▶ Provided information

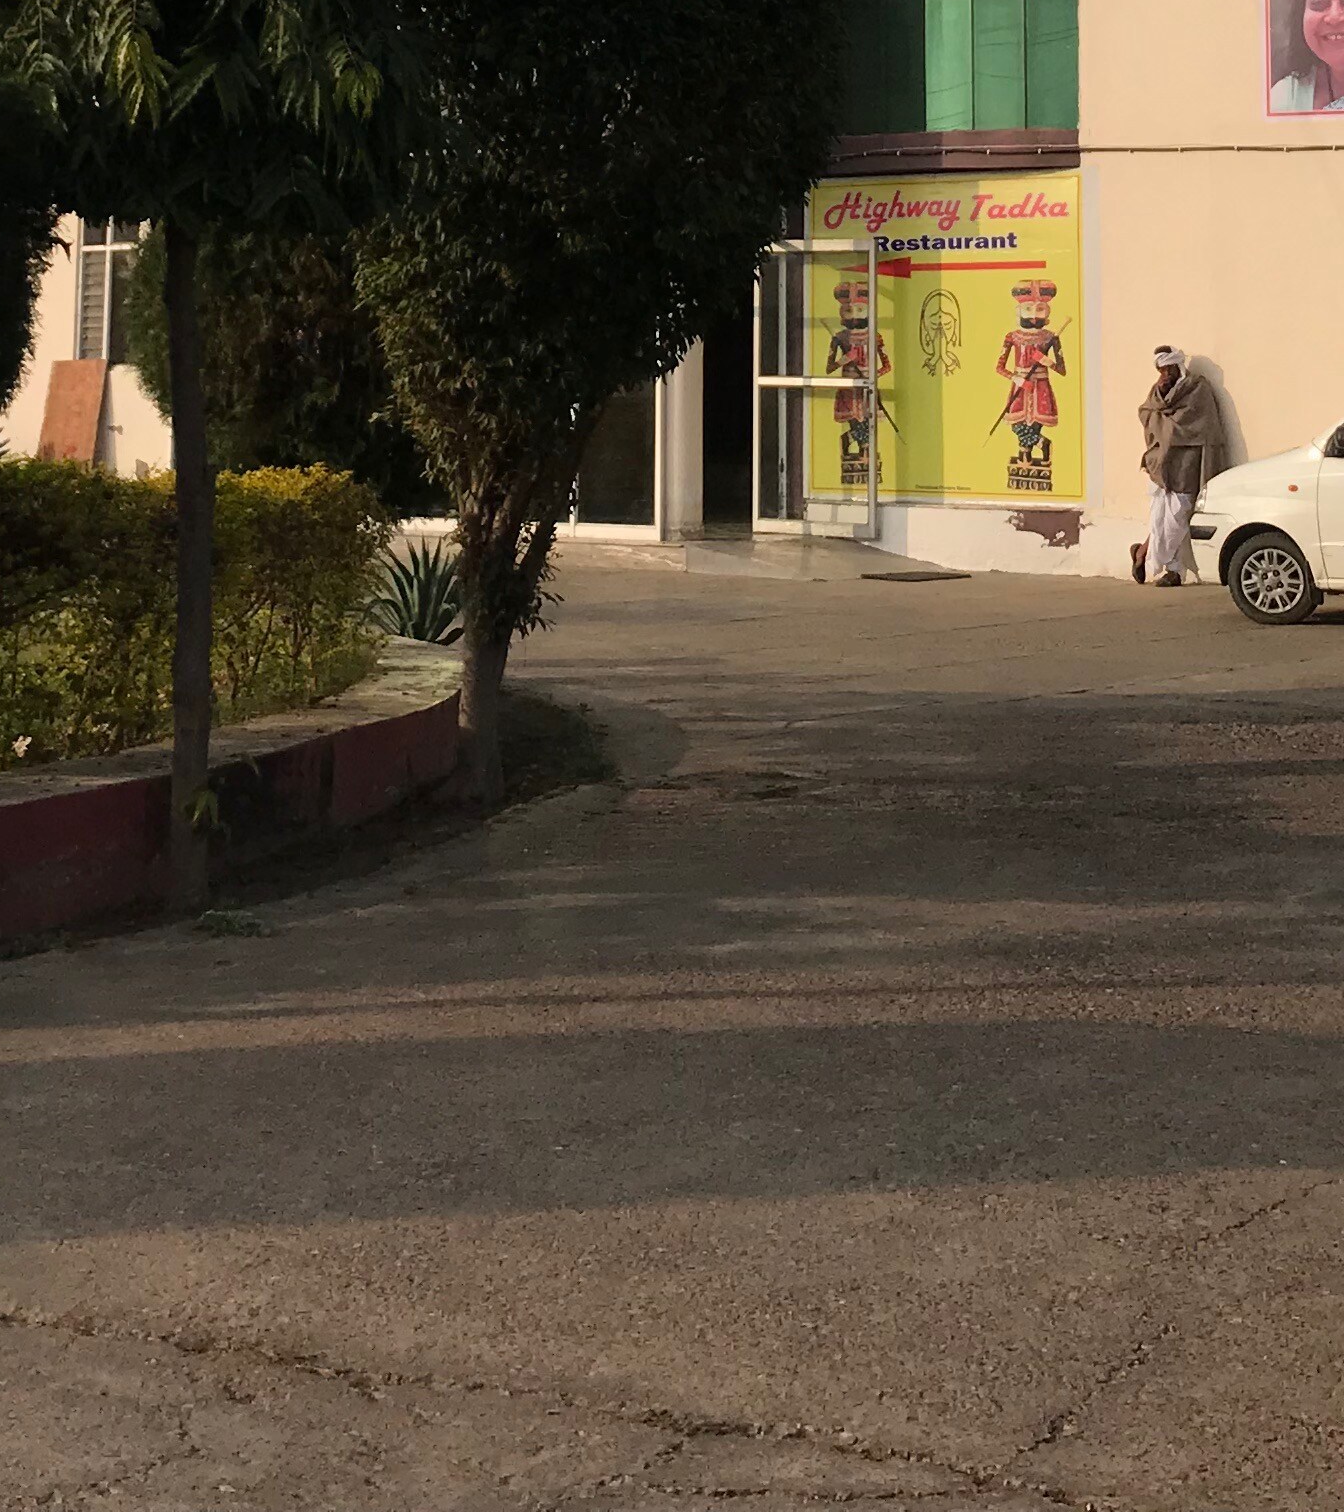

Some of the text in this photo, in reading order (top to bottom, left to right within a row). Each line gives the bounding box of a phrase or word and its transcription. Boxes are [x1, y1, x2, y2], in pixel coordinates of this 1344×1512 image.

[824, 190, 1069, 233] Highway Tadka
[873, 232, 1018, 252] Restaurant
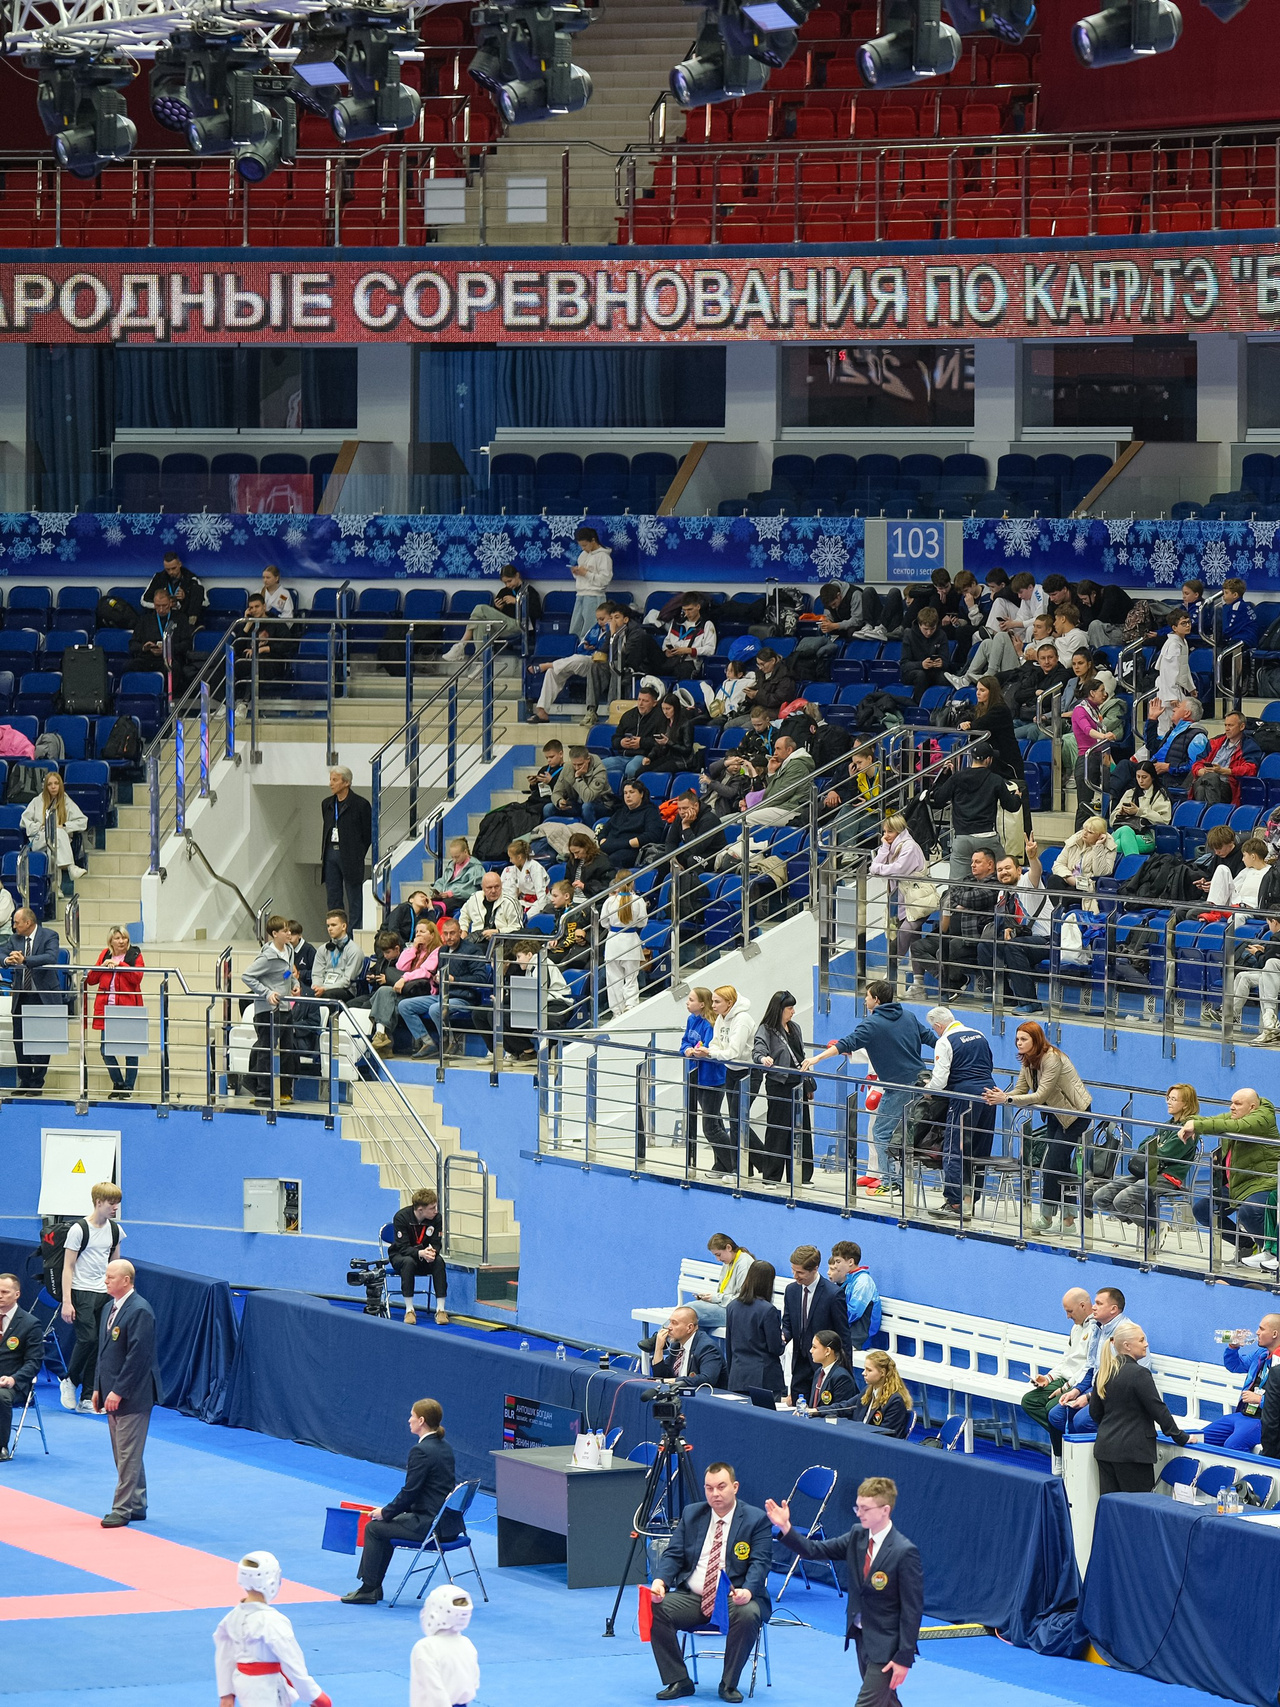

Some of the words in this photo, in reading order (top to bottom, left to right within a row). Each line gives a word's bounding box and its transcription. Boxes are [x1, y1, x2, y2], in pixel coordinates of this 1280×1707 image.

[353, 266, 908, 328] СОРЕВНОВАНИЯ
[926, 263, 1008, 323] ПО
[893, 527, 940, 559] 103
[893, 568, 915, 576] сектор
[504, 1408, 515, 1419] BLR
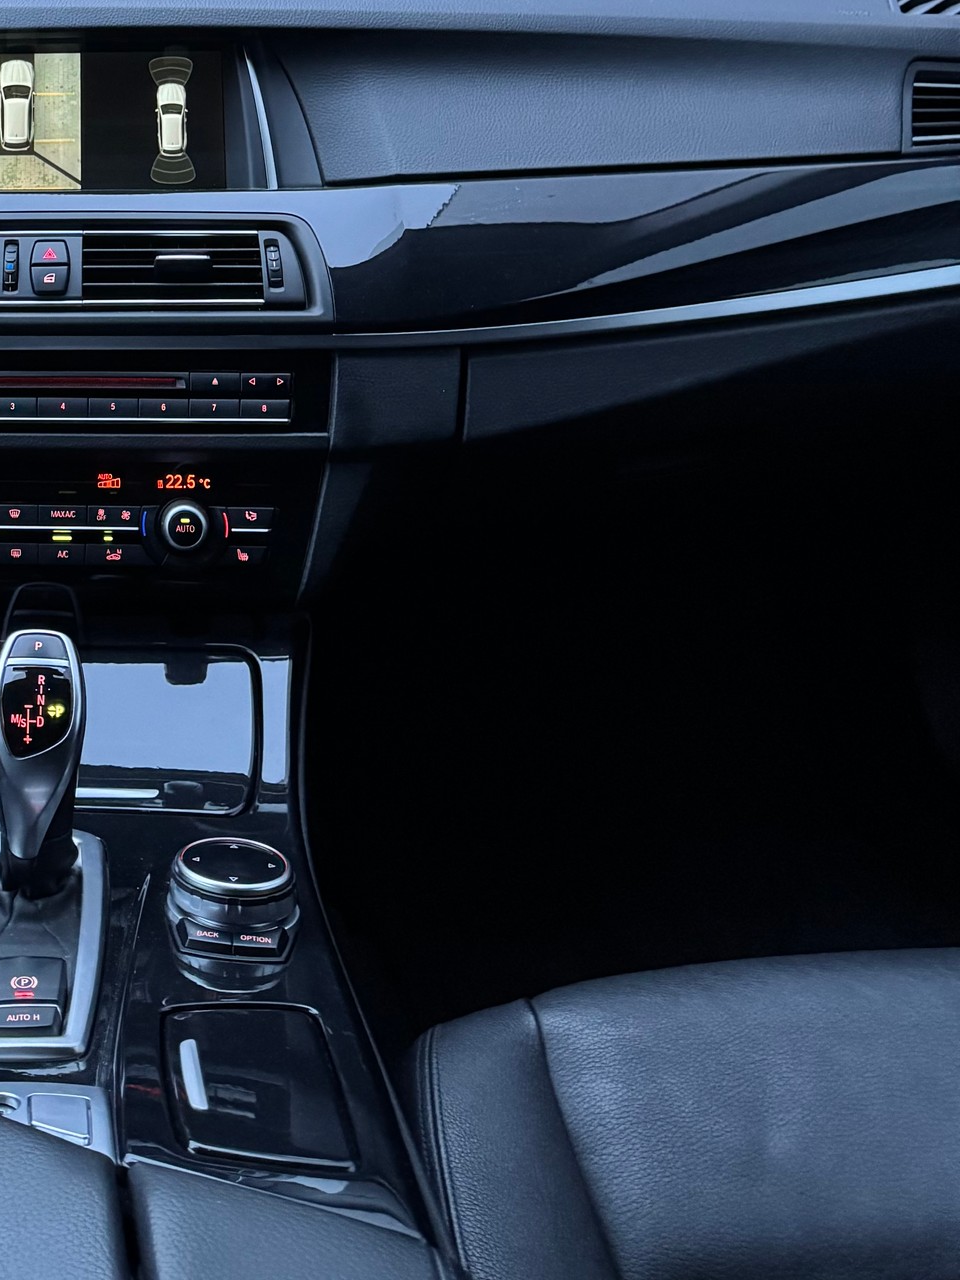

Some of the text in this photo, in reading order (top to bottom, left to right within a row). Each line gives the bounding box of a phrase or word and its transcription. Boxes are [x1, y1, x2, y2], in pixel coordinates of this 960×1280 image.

[10, 402, 15, 410] 3
[60, 402, 66, 410] 4
[110, 402, 116, 410] 5
[161, 403, 166, 411] 6
[212, 404, 216, 412] 7
[262, 404, 267, 412] 8
[166, 474, 196, 488] 22.5
[176, 525, 195, 533] AUTO
[57, 550, 68, 558] A/C
[35, 642, 42, 650] P
[38, 675, 45, 684] R
[37, 694, 45, 706] N
[56, 704, 65, 718] P
[10, 714, 26, 728] M/S
[36, 716, 44, 728] D
[240, 934, 272, 944] OPTION

▶ Instructions for the task
The goal is an exact reprint of the entries, leaving out the pictures.

▶ Exercise output
Some of the text in this photo, in reading order (top to bottom, left to right within a row). Each line gives the bounding box of a phrase or word and its transcription. Boxes are [x1, y1, x2, y2], in pixel coordinates of this 1344×1512 image.

[824, 190, 1069, 233] Highway Tadka
[873, 232, 1018, 252] Restaurant

Some of the words in this photo, in reading order (top to bottom, left to right within a row). Each line gives a word's bounding box and its transcription. Boxes are [x1, y1, x2, y2], in pixel coordinates of this 1280×1707 image.

[353, 266, 908, 328] СОРЕВНОВАНИЯ
[926, 263, 1008, 323] ПО
[893, 527, 940, 559] 103
[893, 568, 915, 576] сектор
[504, 1408, 515, 1419] BLR

Some of the text in this photo, in reading order (top to bottom, left to right within a row). Each line gives the bounding box of a phrase or word and its transcription. Boxes are [x1, y1, x2, y2], in pixel coordinates of this 960×1280 image.

[10, 402, 15, 410] 3
[60, 402, 66, 410] 4
[110, 402, 116, 410] 5
[161, 403, 166, 411] 6
[212, 404, 216, 412] 7
[262, 404, 267, 412] 8
[166, 474, 196, 488] 22.5
[176, 525, 195, 533] AUTO
[57, 550, 68, 558] A/C
[35, 642, 42, 650] P
[38, 675, 45, 684] R
[37, 694, 45, 706] N
[56, 704, 65, 718] P
[10, 714, 26, 728] M/S
[36, 716, 44, 728] D
[240, 934, 272, 944] OPTION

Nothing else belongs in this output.